====== Extracted entries

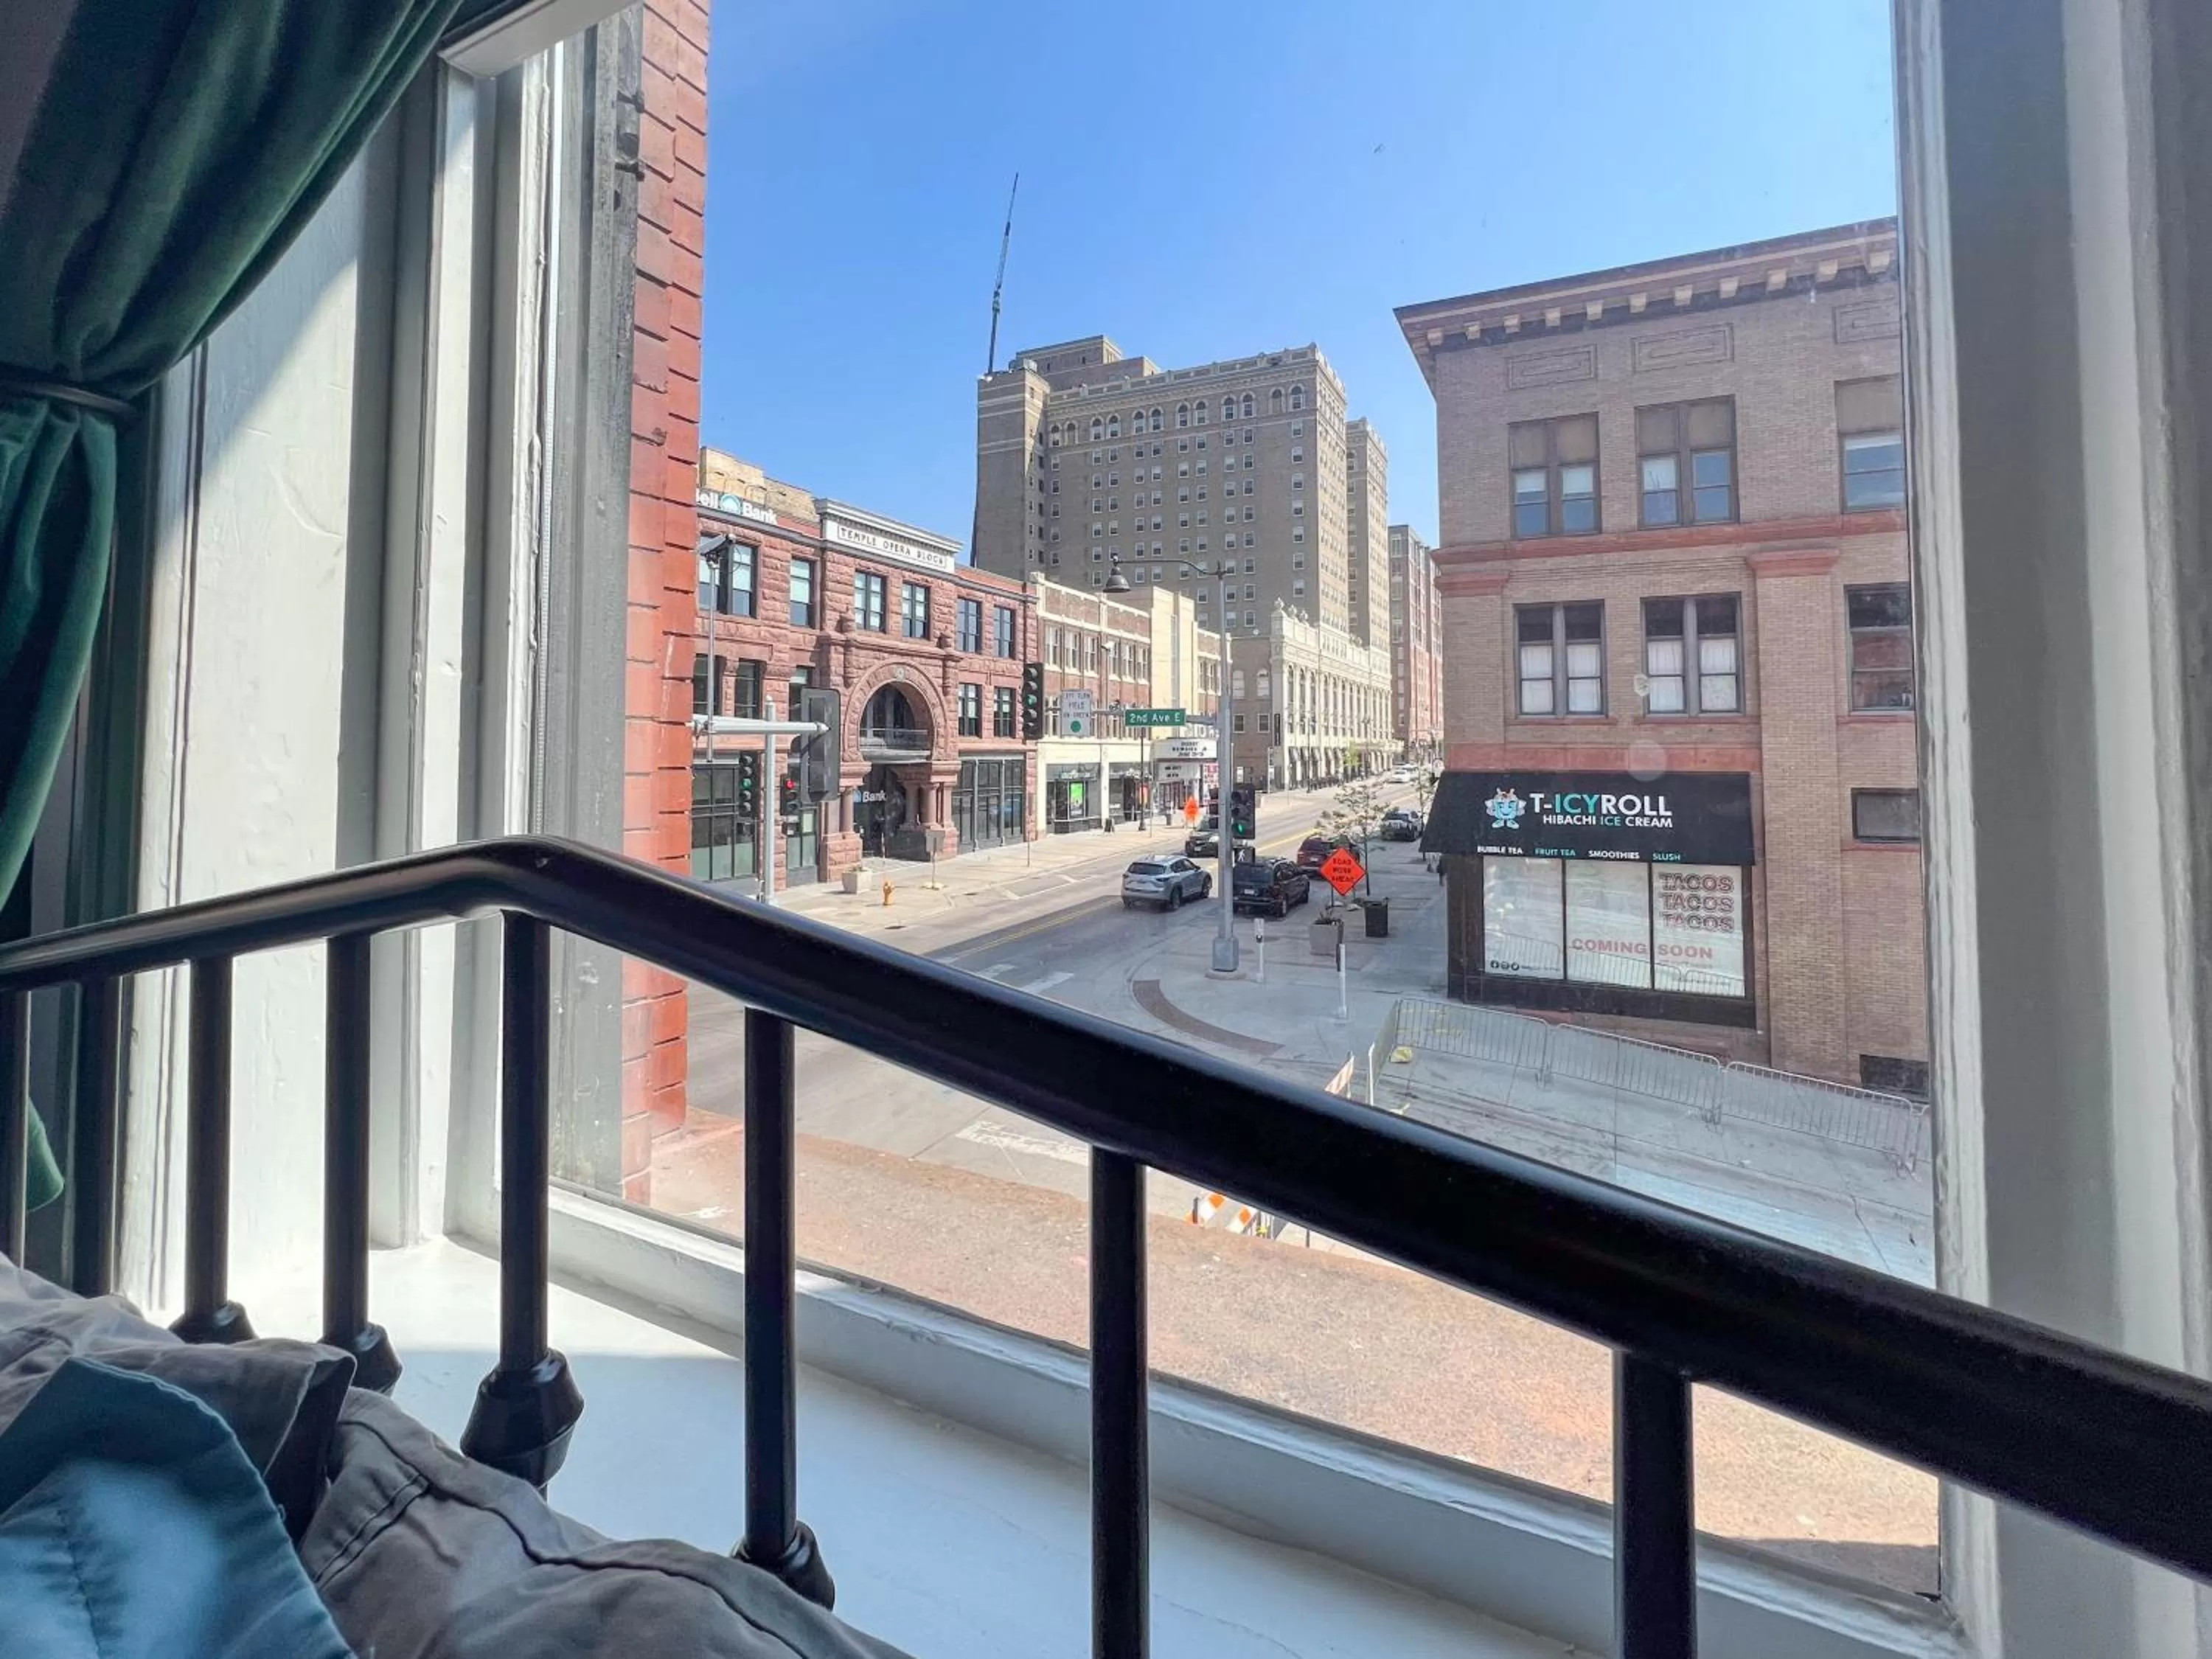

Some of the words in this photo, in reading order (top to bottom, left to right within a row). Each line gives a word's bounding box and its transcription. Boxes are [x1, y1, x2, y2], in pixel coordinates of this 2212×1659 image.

[742, 501, 779, 526] Bank
[841, 527, 876, 546] TEMPLE
[883, 540, 911, 555] OPERA
[917, 552, 943, 565] BLOCK
[1129, 713, 1148, 723] 2nd
[1152, 713, 1170, 723] Ave
[1175, 712, 1180, 722] E
[863, 790, 886, 802] Bank
[1529, 793, 1672, 816] T-ICYROLL
[1543, 815, 1596, 825] HIBACHI
[1601, 816, 1621, 827] ICE
[1625, 816, 1673, 828] CREAM
[1477, 845, 1506, 854] BUBBLE
[1587, 850, 1640, 859] SMOOTHIES
[1652, 852, 1680, 860] SLUSH
[1659, 872, 1734, 893] TACOS
[1660, 892, 1734, 913] TACOS
[1661, 911, 1735, 933] TACOS
[1572, 938, 1647, 955] COMING
[1659, 945, 1712, 959] SOON
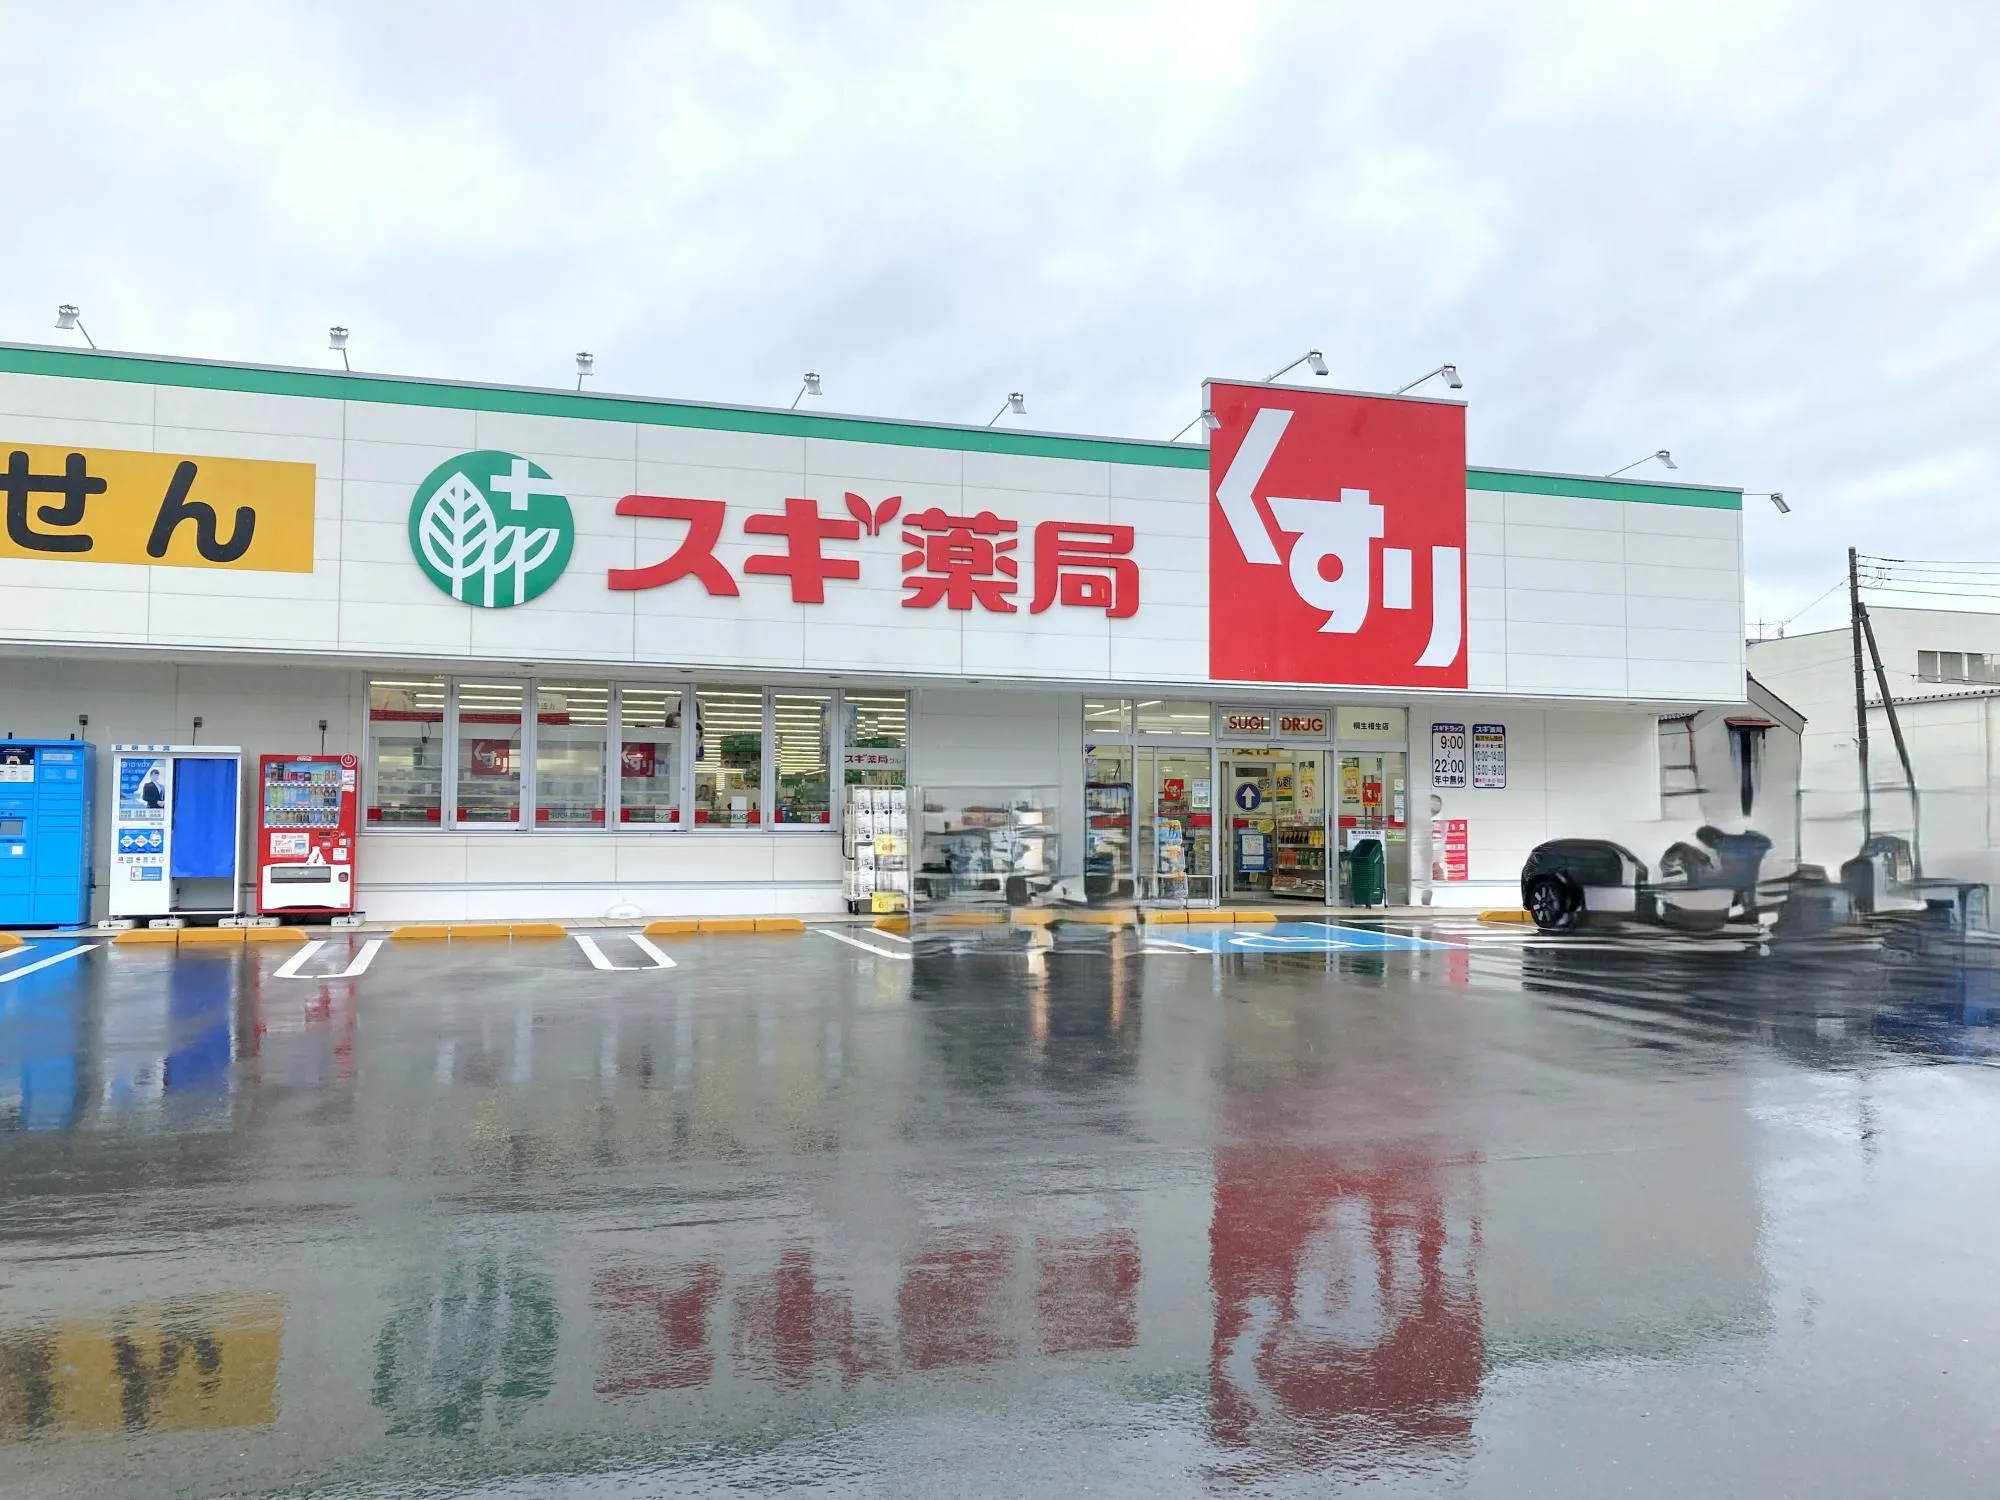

============

**The task:** What is needed is every entry above, repeated exactly, with the pictures dropped.

**Reply to the exercise:**
Some of the words in this photo, in reading order (top to bottom, left to right within a row). Each line gives a word's bounding box and its transcription. Boxes are [x1, y1, x2, y2], in pixel coordinates of this 2212×1659 image.

[742, 501, 779, 526] Bank
[841, 527, 876, 546] TEMPLE
[883, 540, 911, 555] OPERA
[917, 552, 943, 565] BLOCK
[1129, 713, 1148, 723] 2nd
[1152, 713, 1170, 723] Ave
[1175, 712, 1180, 722] E
[863, 790, 886, 802] Bank
[1529, 793, 1672, 816] T-ICYROLL
[1543, 815, 1596, 825] HIBACHI
[1601, 816, 1621, 827] ICE
[1625, 816, 1673, 828] CREAM
[1477, 845, 1506, 854] BUBBLE
[1587, 850, 1640, 859] SMOOTHIES
[1652, 852, 1680, 860] SLUSH
[1659, 872, 1734, 893] TACOS
[1660, 892, 1734, 913] TACOS
[1661, 911, 1735, 933] TACOS
[1572, 938, 1647, 955] COMING
[1659, 945, 1712, 959] SOON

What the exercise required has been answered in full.